■ INPUT DATA:
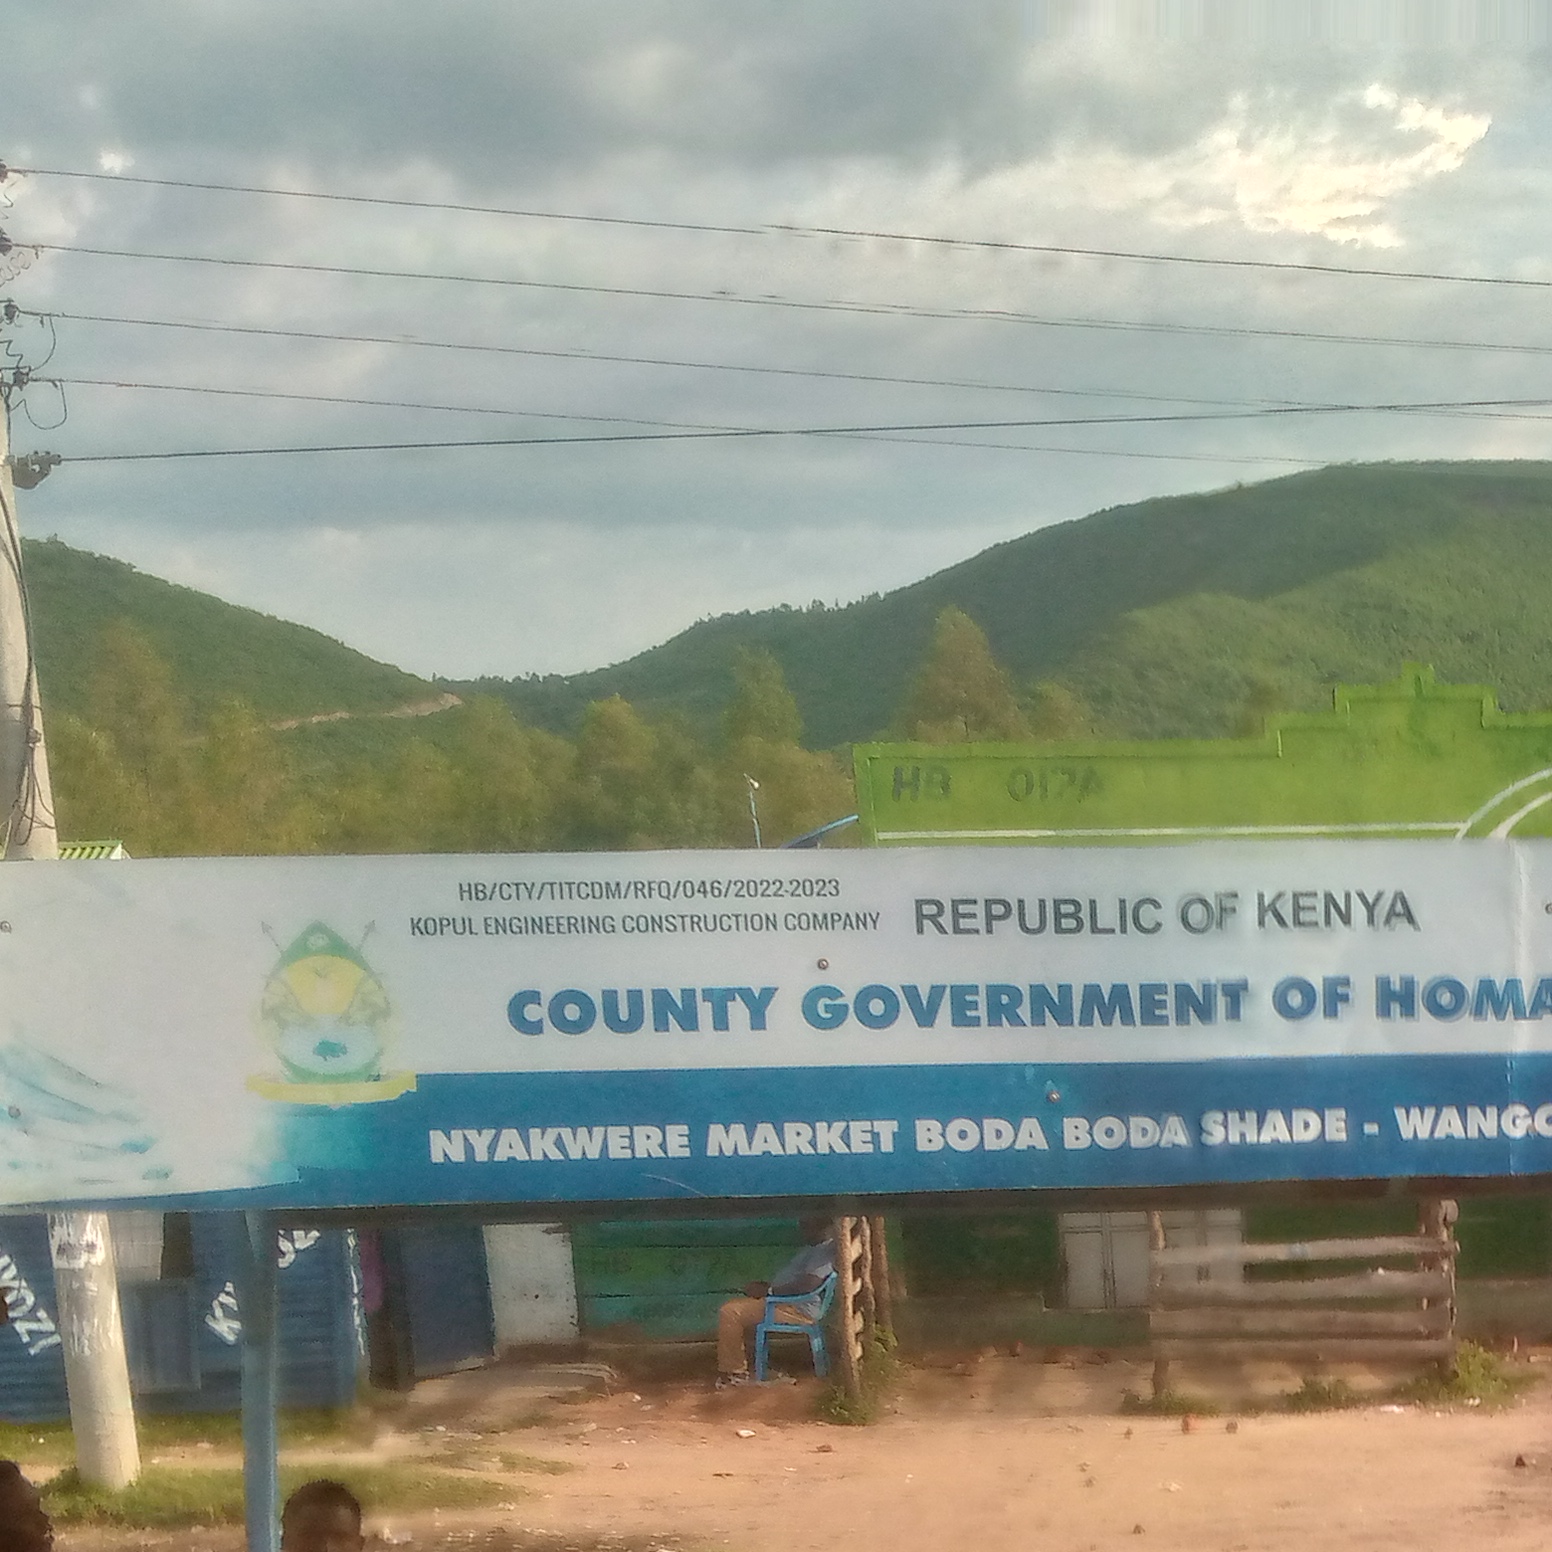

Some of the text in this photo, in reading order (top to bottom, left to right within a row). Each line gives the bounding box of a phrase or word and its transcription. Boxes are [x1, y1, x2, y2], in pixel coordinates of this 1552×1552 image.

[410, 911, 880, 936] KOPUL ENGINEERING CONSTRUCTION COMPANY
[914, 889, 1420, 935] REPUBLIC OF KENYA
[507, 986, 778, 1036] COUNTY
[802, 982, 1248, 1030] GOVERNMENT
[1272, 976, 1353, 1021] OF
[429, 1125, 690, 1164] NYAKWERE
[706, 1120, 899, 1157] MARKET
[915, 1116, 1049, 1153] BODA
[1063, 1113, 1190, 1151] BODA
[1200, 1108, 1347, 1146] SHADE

■ WHAT IS REQUIRED: Output the records above verbatim. Pictures stay out.

■ TASK RESULT:
Some of the text in this photo, in reading order (top to bottom, left to right within a row). Each line gives the bounding box of a phrase or word and its transcription. Boxes are [x1, y1, x2, y2], in pixel coordinates of this 1552×1552 image.

[410, 911, 880, 936] KOPUL ENGINEERING CONSTRUCTION COMPANY
[914, 889, 1420, 935] REPUBLIC OF KENYA
[507, 986, 778, 1036] COUNTY
[802, 982, 1248, 1030] GOVERNMENT
[1272, 976, 1353, 1021] OF
[429, 1125, 690, 1164] NYAKWERE
[706, 1120, 899, 1157] MARKET
[915, 1116, 1049, 1153] BODA
[1063, 1113, 1190, 1151] BODA
[1200, 1108, 1347, 1146] SHADE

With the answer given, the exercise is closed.